*Records to process*
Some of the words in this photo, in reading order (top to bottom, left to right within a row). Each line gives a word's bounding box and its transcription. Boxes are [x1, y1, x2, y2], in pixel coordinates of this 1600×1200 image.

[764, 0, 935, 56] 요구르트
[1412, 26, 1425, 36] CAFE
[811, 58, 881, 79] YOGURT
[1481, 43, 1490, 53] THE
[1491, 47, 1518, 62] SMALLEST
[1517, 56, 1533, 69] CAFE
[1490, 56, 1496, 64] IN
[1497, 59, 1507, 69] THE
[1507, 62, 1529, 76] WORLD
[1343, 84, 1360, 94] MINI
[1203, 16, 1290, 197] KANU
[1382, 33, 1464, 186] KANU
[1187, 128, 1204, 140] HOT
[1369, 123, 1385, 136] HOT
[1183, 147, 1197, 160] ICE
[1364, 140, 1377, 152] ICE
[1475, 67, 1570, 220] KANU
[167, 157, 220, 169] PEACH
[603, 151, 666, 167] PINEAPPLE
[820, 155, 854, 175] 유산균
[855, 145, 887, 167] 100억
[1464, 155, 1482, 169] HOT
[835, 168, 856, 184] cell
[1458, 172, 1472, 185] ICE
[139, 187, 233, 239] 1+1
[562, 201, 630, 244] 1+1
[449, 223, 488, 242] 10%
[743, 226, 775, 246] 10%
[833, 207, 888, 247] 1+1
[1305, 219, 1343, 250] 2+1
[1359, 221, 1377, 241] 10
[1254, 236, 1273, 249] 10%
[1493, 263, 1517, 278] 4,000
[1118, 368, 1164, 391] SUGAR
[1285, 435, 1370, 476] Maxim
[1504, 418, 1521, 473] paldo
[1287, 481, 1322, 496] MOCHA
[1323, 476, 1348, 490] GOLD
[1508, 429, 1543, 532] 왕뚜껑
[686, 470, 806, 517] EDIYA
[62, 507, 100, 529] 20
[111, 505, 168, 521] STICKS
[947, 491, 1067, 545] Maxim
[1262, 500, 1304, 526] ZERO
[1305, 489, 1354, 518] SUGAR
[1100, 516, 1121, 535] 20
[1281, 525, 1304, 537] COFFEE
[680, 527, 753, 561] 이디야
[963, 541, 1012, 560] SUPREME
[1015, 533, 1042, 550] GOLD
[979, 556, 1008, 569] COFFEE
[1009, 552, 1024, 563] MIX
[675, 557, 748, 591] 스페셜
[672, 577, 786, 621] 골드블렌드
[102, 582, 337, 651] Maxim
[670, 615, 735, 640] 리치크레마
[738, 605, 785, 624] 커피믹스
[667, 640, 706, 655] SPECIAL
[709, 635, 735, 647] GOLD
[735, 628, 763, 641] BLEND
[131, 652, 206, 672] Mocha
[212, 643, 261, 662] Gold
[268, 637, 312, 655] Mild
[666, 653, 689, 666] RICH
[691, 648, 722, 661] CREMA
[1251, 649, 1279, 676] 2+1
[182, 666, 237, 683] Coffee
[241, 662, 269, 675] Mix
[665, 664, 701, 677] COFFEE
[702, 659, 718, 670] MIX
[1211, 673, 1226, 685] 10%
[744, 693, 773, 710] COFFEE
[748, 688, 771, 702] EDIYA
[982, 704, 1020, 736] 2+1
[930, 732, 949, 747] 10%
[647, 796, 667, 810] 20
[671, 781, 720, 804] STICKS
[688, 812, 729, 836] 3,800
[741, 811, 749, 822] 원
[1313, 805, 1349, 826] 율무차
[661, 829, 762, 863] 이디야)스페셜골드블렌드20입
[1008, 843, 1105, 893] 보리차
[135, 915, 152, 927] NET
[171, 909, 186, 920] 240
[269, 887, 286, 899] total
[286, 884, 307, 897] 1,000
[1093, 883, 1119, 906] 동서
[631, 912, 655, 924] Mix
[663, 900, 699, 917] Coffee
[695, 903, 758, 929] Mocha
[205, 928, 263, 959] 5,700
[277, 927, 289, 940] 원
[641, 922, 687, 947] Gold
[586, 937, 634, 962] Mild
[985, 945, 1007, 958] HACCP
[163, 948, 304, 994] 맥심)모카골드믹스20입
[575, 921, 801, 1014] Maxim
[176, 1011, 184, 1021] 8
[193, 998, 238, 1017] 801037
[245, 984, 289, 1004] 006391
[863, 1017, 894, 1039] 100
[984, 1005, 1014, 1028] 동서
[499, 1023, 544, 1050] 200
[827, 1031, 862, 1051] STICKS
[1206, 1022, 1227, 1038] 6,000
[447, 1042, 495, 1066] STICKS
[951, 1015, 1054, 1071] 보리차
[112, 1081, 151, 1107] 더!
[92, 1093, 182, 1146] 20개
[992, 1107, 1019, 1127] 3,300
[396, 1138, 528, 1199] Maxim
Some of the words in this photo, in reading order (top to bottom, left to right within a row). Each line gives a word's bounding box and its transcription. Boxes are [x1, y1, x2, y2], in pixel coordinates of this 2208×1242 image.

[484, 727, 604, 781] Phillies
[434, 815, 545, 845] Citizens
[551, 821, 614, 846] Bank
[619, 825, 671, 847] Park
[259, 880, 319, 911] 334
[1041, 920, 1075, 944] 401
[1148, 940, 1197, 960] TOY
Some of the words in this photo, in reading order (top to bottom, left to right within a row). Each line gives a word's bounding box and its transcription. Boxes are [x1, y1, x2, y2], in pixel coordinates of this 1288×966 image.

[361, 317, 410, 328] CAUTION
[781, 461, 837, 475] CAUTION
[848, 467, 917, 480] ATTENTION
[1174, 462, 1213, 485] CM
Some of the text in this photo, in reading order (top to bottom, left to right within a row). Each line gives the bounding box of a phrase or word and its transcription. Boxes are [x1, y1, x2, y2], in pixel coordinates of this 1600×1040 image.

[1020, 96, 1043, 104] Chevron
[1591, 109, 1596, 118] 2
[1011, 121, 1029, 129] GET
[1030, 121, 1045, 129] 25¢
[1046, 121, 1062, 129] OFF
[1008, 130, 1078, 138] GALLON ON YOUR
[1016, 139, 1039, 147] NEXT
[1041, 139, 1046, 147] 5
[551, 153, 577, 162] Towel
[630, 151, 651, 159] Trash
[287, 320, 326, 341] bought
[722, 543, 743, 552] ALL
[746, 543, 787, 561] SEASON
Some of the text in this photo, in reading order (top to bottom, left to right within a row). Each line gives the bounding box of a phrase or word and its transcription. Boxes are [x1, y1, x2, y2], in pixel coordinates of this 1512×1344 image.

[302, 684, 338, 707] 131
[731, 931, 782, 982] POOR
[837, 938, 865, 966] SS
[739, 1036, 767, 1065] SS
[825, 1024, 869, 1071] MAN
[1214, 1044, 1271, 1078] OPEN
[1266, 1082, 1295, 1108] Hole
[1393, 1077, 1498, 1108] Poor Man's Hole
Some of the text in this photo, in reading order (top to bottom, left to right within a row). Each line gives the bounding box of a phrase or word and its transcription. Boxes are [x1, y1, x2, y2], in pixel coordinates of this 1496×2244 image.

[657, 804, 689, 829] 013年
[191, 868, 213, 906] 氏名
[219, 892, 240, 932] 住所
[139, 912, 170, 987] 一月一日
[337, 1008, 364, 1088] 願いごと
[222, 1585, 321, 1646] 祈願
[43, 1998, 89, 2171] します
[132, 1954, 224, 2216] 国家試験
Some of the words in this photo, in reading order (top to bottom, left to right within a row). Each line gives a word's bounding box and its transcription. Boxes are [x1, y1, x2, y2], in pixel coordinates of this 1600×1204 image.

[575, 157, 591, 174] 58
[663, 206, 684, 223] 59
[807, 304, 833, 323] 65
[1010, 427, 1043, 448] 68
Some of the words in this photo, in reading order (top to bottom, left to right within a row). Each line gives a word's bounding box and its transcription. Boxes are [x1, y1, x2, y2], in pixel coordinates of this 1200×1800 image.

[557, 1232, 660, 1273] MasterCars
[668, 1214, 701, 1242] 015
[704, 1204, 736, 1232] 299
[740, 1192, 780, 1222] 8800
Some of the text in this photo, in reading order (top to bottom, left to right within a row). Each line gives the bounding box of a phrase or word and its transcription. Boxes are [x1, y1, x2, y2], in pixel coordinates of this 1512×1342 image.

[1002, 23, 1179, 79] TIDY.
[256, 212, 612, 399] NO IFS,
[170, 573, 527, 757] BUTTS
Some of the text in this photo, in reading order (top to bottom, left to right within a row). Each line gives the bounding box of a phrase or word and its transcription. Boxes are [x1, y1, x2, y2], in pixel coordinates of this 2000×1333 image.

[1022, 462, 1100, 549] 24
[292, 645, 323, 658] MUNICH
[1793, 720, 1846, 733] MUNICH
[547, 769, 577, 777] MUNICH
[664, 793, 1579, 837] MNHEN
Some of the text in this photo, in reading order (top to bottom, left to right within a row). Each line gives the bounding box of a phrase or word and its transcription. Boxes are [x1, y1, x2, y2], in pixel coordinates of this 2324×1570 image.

*What you need to do*
Take the line that contains "this 1200×1800 image." and each line after it through the end of the records, and repeat them all exactly. Nothing else.

*Response to this exercise*
Some of the words in this photo, in reading order (top to bottom, left to right within a row). Each line gives a word's bounding box and its transcription. Boxes are [x1, y1, x2, y2], in pixel coordinates of this 1200×1800 image.

[557, 1232, 660, 1273] MasterCars
[668, 1214, 701, 1242] 015
[704, 1204, 736, 1232] 299
[740, 1192, 780, 1222] 8800
Some of the text in this photo, in reading order (top to bottom, left to right within a row). Each line gives the bounding box of a phrase or word and its transcription. Boxes are [x1, y1, x2, y2], in pixel coordinates of this 1512×1342 image.

[1002, 23, 1179, 79] TIDY.
[256, 212, 612, 399] NO IFS,
[170, 573, 527, 757] BUTTS
Some of the text in this photo, in reading order (top to bottom, left to right within a row). Each line gives the bounding box of a phrase or word and its transcription. Boxes are [x1, y1, x2, y2], in pixel coordinates of this 2000×1333 image.

[1022, 462, 1100, 549] 24
[292, 645, 323, 658] MUNICH
[1793, 720, 1846, 733] MUNICH
[547, 769, 577, 777] MUNICH
[664, 793, 1579, 837] MNHEN
Some of the text in this photo, in reading order (top to bottom, left to right within a row). Each line gives the bounding box of a phrase or word and its transcription. Boxes are [x1, y1, x2, y2], in pixel coordinates of this 2324×1570 image.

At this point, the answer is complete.